The spazzy behavior is also really normal and pretty much all puppies do this. If she's trying to bite you, make a yelp sound or say "ouch", then walk away (really walk away, like out of the room) and ignore her. She will eventually learn that biting ends her playtime with you. 

Read some of the stickies on this forum. The things you're experiencing are totally normal puppy behaviors and there are some good methods for dealing with the crazy bitey moments.


----------



## HollowHeaven (Feb 5, 2012)

Mounting is not always an assertion of a challenge, so to speak. A lot of times it can be a playful gesture too. My female will mount anything and everything if when she gets excited. It's a way to initiate play. If the other dog doesn't like it, they will correct it. It's only if the other dog seems to really, really start to be getting agitated that you should be concerned and probably step in and remove your puppy from the situation. A growl or a snap is a correction from another dog. Don't worry about it.

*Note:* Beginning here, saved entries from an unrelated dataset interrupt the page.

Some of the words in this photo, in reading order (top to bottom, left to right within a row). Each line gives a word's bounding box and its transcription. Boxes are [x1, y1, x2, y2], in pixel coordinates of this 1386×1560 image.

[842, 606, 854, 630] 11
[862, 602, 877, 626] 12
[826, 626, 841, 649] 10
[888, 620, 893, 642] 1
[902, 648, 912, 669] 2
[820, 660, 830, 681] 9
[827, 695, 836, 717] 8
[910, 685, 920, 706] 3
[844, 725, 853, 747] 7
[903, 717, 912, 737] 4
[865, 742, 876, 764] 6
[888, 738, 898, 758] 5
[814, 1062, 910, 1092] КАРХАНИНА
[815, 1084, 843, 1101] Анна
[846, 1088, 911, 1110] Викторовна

That "spazz" is called Zoomies. It's a real thing, and pretty much every dog does it. It's just the dog being happy and not knowing what to do with their energy. So they run in circles.

How exactly are you "scolding" her? The biting is likely a playful gesture, just her joining in the game you've started with her. For the chewing, you need to be replacing the inappropriate object -shoes, your hand, etc- with a toy, thus showing her what's appropriate to chew on. If she persists to chew on you, leave the room for a moment. This will show her that getting too rough makes the fun stop.


----------



## packetsmom (Mar 21, 2013)

Just to echo what everyone else has said...this sounds like a normal, healthy puppy that just wants to play. I'd recommend reading up on the stickies on how to train your dog for the behavior you WANT, rather than "scolding" her for the behavior you DON'T want. It often works a lot better and it sounds like you have a pup that is quick to train, given how quickly she picked up the pee pads.

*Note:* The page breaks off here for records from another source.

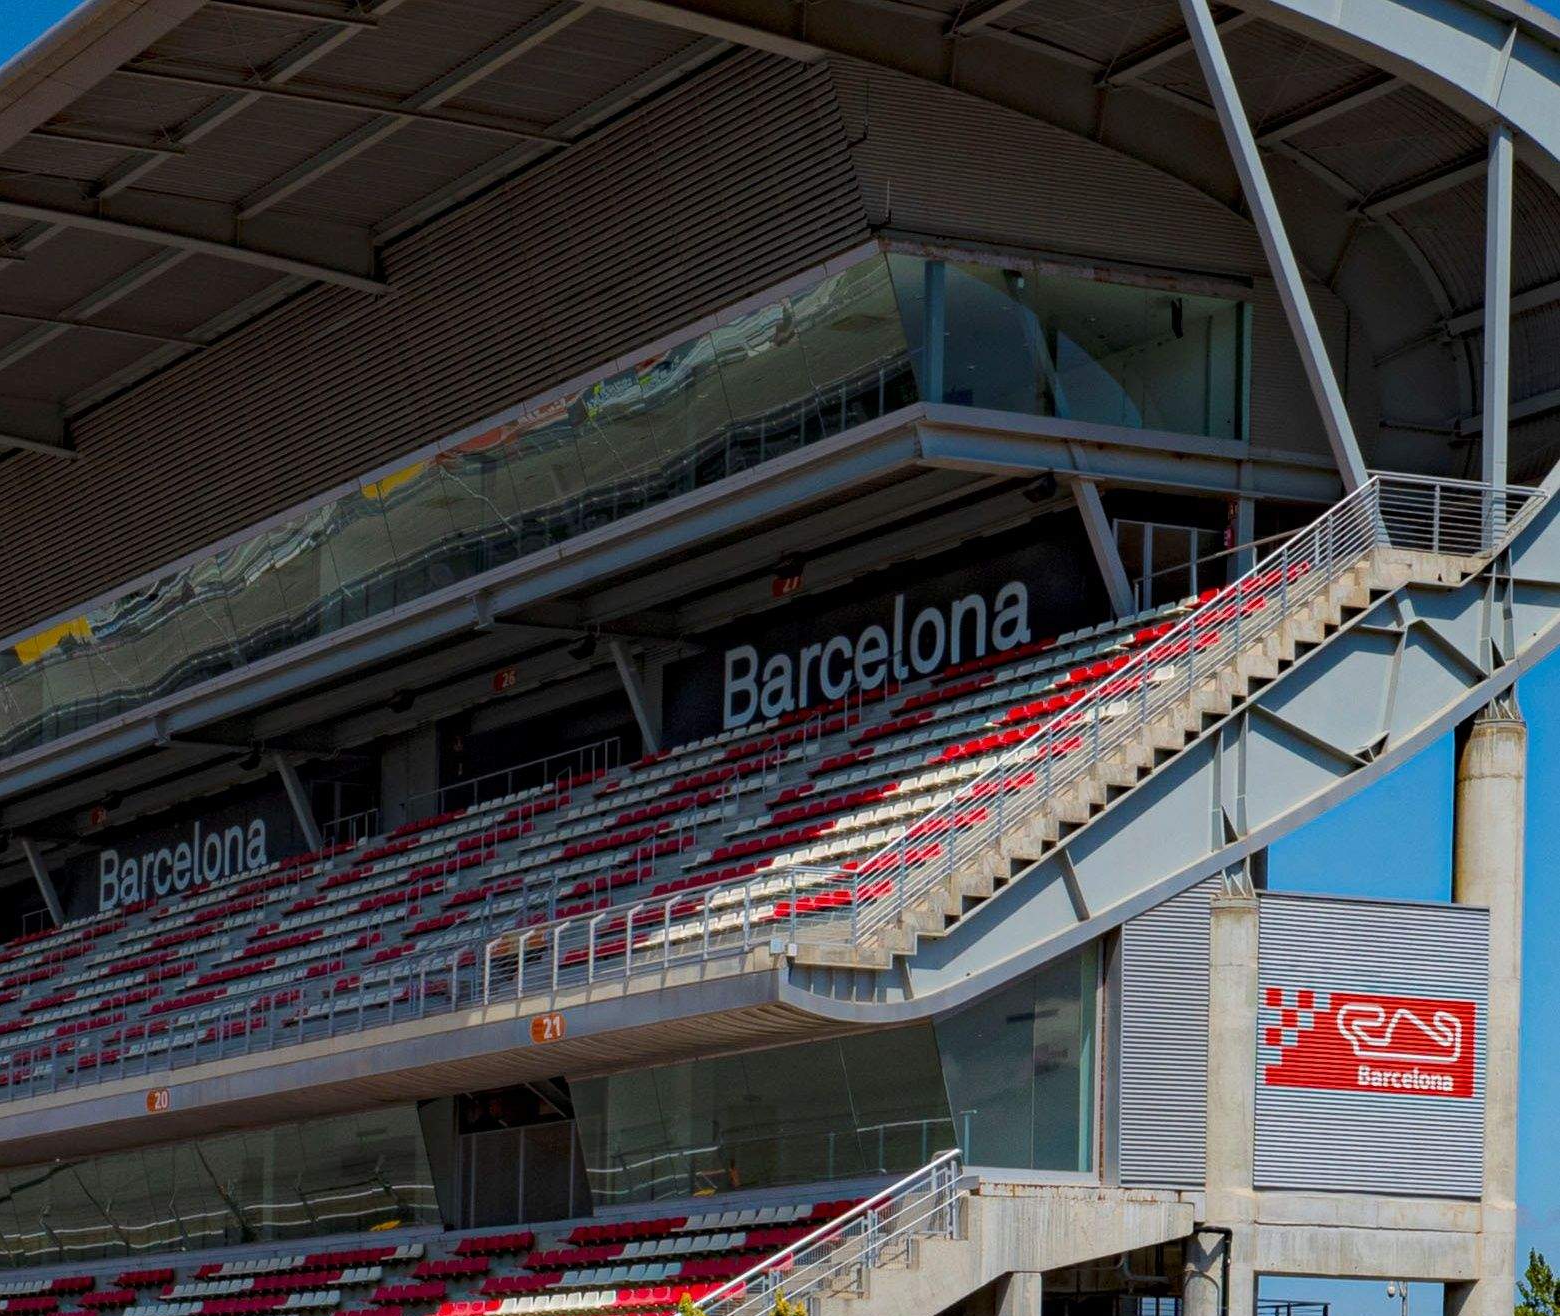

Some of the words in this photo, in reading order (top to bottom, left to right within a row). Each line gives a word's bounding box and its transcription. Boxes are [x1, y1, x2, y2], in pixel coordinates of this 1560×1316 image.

[723, 581, 1031, 730] Barcelona
[99, 818, 267, 912] Barcelona
[543, 1016, 561, 1039] 21
[1358, 1065, 1453, 1091] Barcelona
[154, 1091, 168, 1109] 20

It helps knowing what normal puppy behavior is like. Puppies are often a handful!


----------



## Amaryllis (Dec 28, 2011)

I just wanted to add that if a puppy the age of yours were pestering my dog, I would walk off with my dog, not because I think your puppy is bad, but because I know my dog won't stand up for himself with a puppy that young, so I need to do it. Adult dogs let puppies do pretty much anything until 4 or 5 months. I know for a fact that Kabota will let a young puppy jump all over him, but won't put up with being jumped on by older dogs at all.


----------



## seaboxador (Sep 23, 2012)

Get the dog some obedience training.


----------



## pawsaddict (Apr 17, 2013)

elrohwen said:


> She's not being dominant - she's being a puppy. Most puppies do this and at 3 1/2 months old most adult dogs will let them get away with it. She will learn as she gets older and settles, plus older dogs will start correcting her for being rude. Don't worry about it. A puppy class may help with her social skills, though most puppies don't correct each other unless a bite is too hard or something.
> 
> The spazzy behavior is also really normal and pretty much all puppies do this. If she's trying to bite you, make a yelp sound or say "ouch", then walk away (really walk away, like out of the room) and ignore her. She will eventually learn that biting ends her playtime with you.
> 
> Read some of the stickies on this forum. The things you're experiencing are totally normal puppy behaviors and there are some good methods for dealing with the crazy bitey moments.


Agree 100%


----------



## MollieLoo95 (Feb 24, 2013)

The 'dominance' issue you are worried about isn't really dominance. It is merely a puppy being a silly puppy and saying "Play with me, play with me!" Lots of grown dogs let them do it; if the dog is running away looking 'afraid', chances are it just doesn't want to deal with puppy behavior. However, if you are really worried about it, you can distract her instantly by throwing a ball or something.
And about the 'spazzy moments'. Lots of puppies do that, it is quite normal. You might want to let her out in the backyard and throw a ball a few times to let her get out some energy. And when she bites you, pawsaddict's advice is good - make a yelping sound and walk away. Pretend to be 'angry' with her for a few minutes (by not speaking/looking at her, don't slap her or anything!). Chances are she doesn't know she hurt you.
I hope that this helped...and I know that lots of them were already suggested. Just reaffirming that they are good ideas.


----------



## cardozosula (Apr 19, 2012)

ya its mostly friendly as long as it does not bite the other dogs!


----------